■ What is being asked
Skipping all pictures, print exactly the lines below from the one with "Some of the text" through the final line.

(Saved data entries)

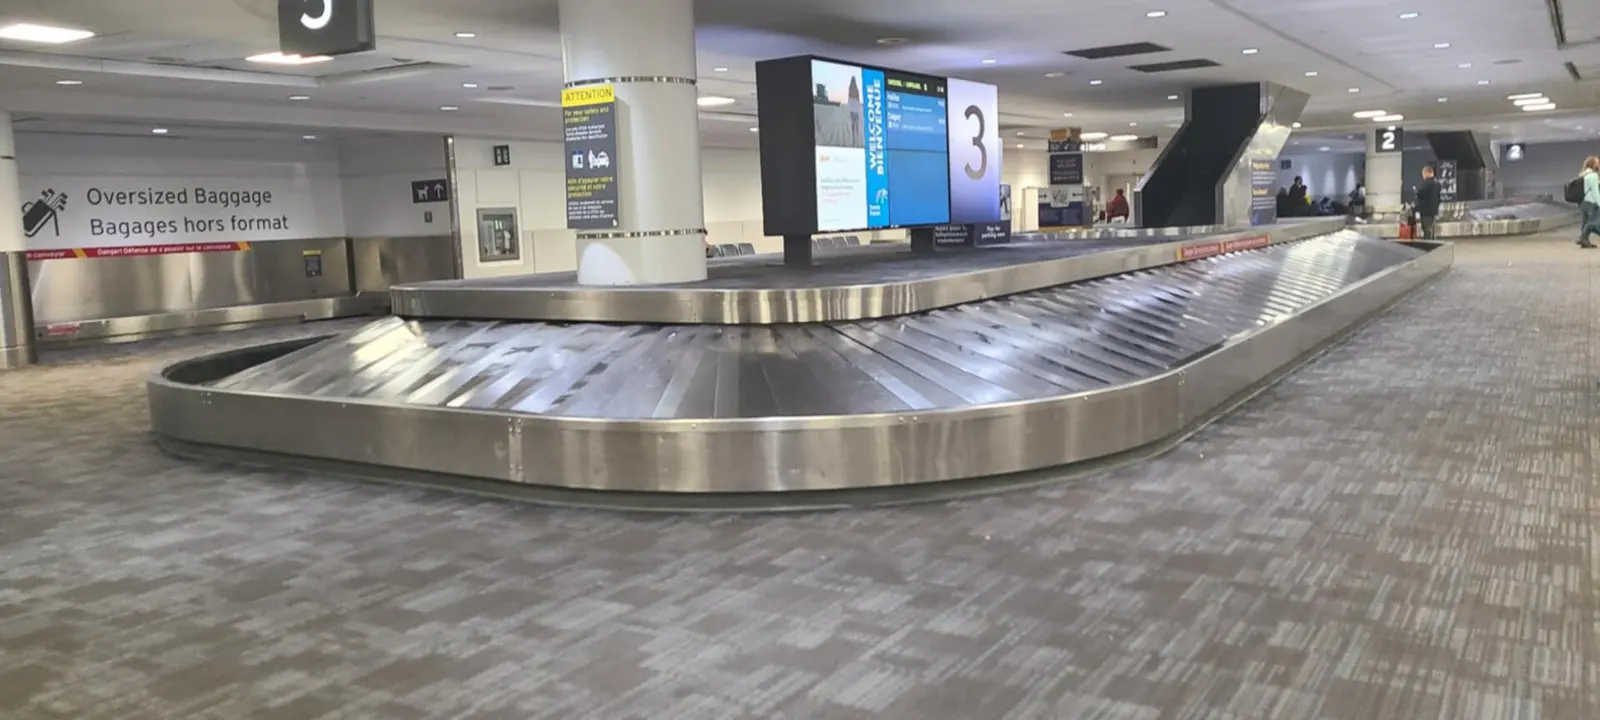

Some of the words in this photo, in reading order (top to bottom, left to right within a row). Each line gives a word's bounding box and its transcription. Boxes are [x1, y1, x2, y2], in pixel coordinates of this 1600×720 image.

[565, 87, 612, 101] ATTENTION
[866, 84, 878, 169] WELCOME
[873, 79, 885, 175] BIENVENUE
[964, 105, 987, 180] 3
[1382, 131, 1395, 150] 2
[1510, 145, 1520, 159] 2
[87, 187, 188, 206] Oversized
[195, 187, 272, 208] Baggage
[90, 218, 177, 239] Bagages
[184, 216, 225, 233] hors
[231, 214, 289, 232] format
[123, 247, 149, 255] Défense
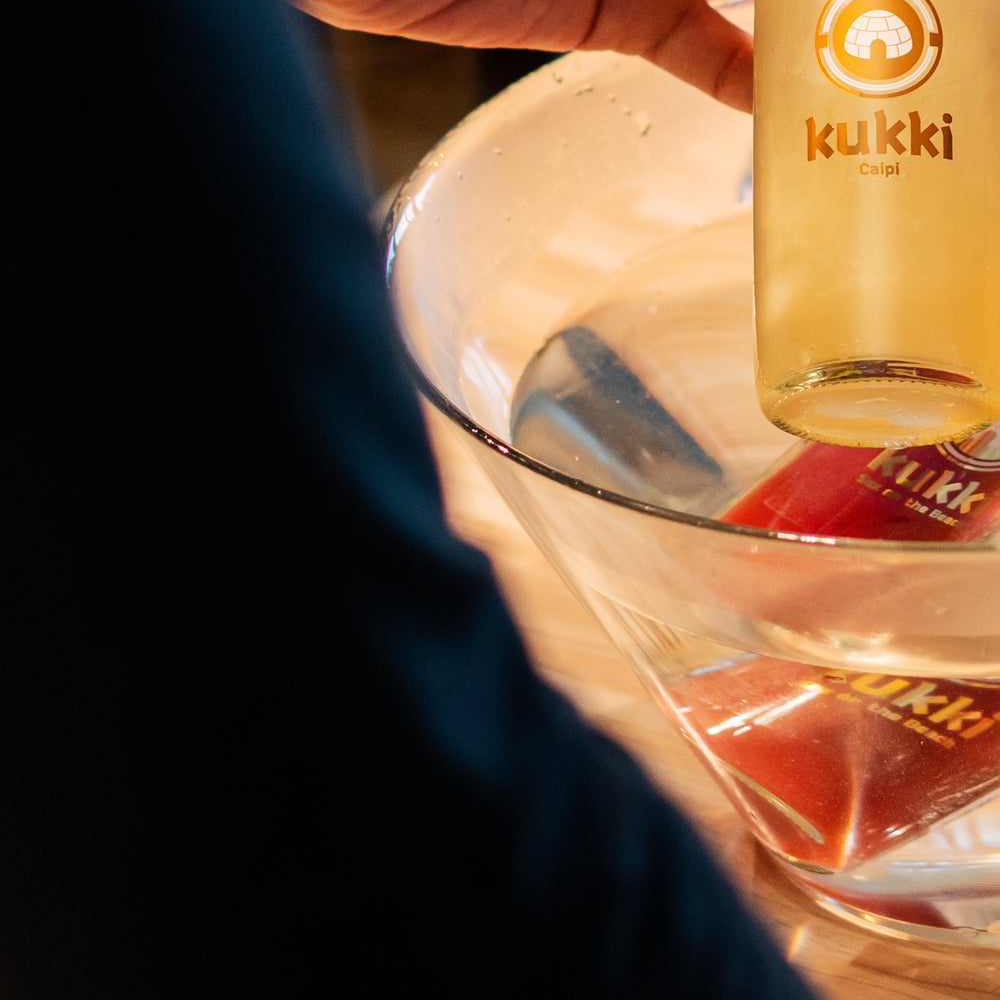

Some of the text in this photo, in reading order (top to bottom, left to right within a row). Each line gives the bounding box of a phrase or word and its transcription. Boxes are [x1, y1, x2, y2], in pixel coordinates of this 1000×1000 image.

[805, 110, 954, 162] kukki
[859, 162, 901, 177] Caipi
[904, 497, 930, 515] the
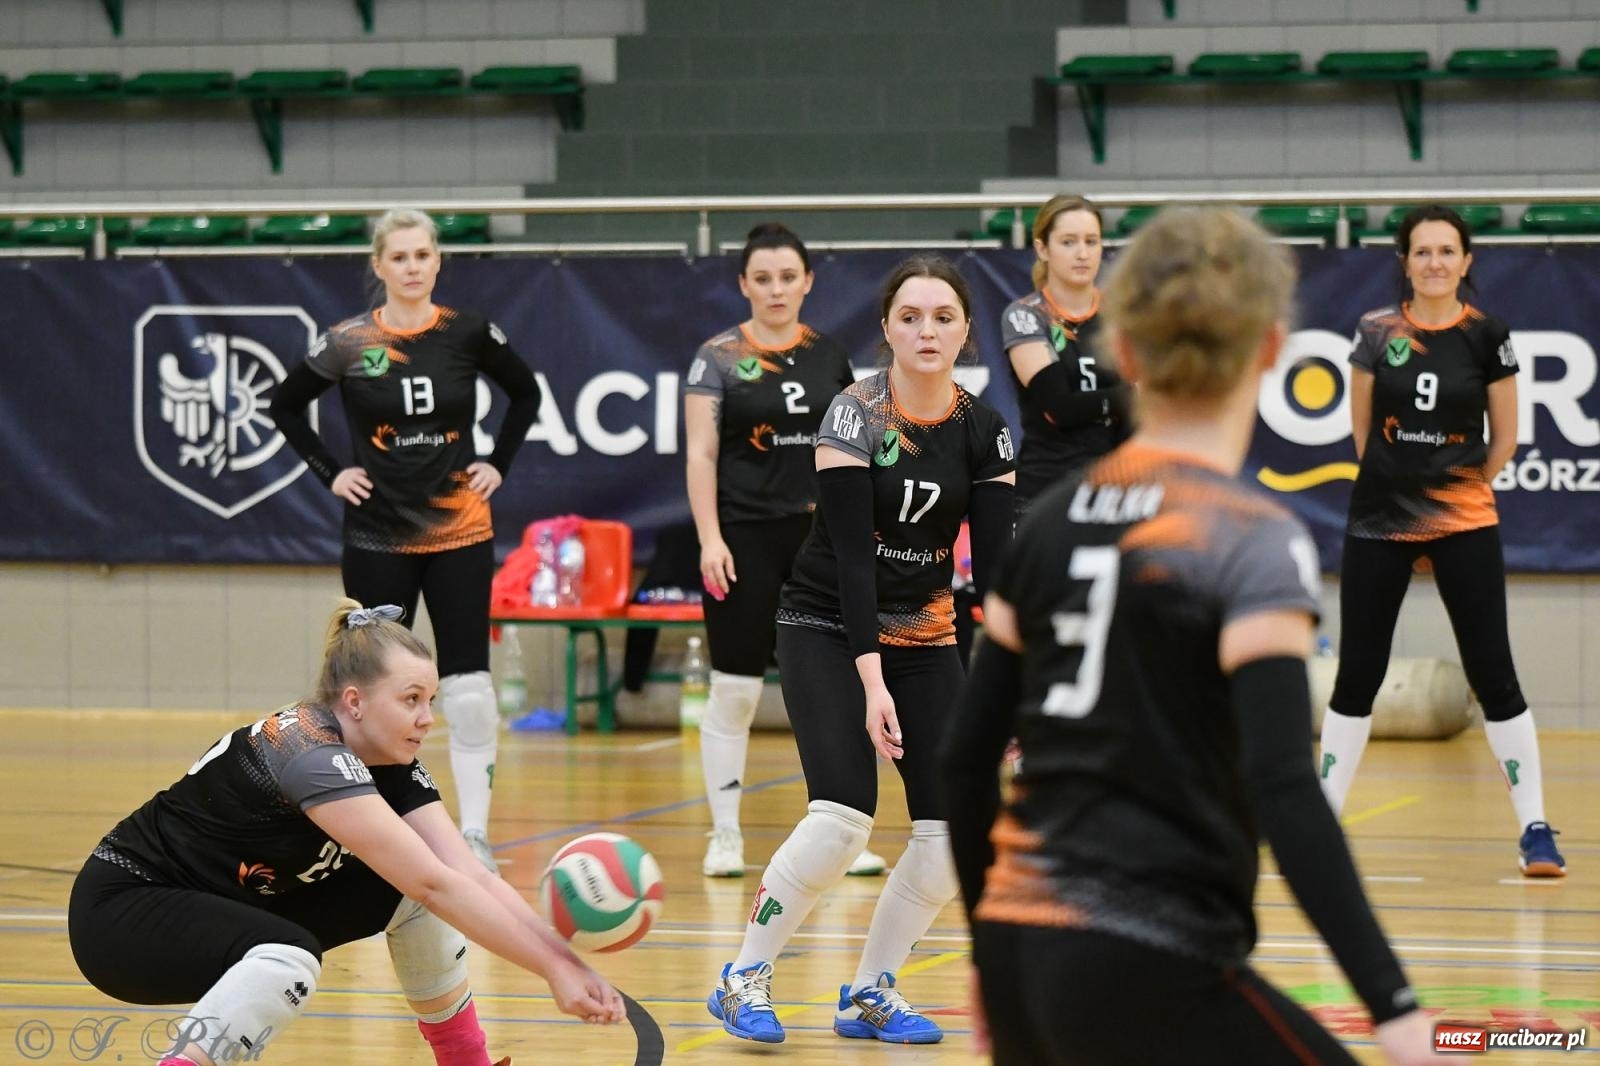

■ Solution for this exercise
Some of the text in this photo, in reading order (top to bottom, left to right within a row). Each line gives the bounding box of a phrase or word and its transcription. Boxes are [x1, y1, x2, y2], in pixel coordinates of this 1000×1000 image.

[805, 110, 954, 162] kukki
[859, 162, 901, 177] Caipi
[904, 497, 930, 515] the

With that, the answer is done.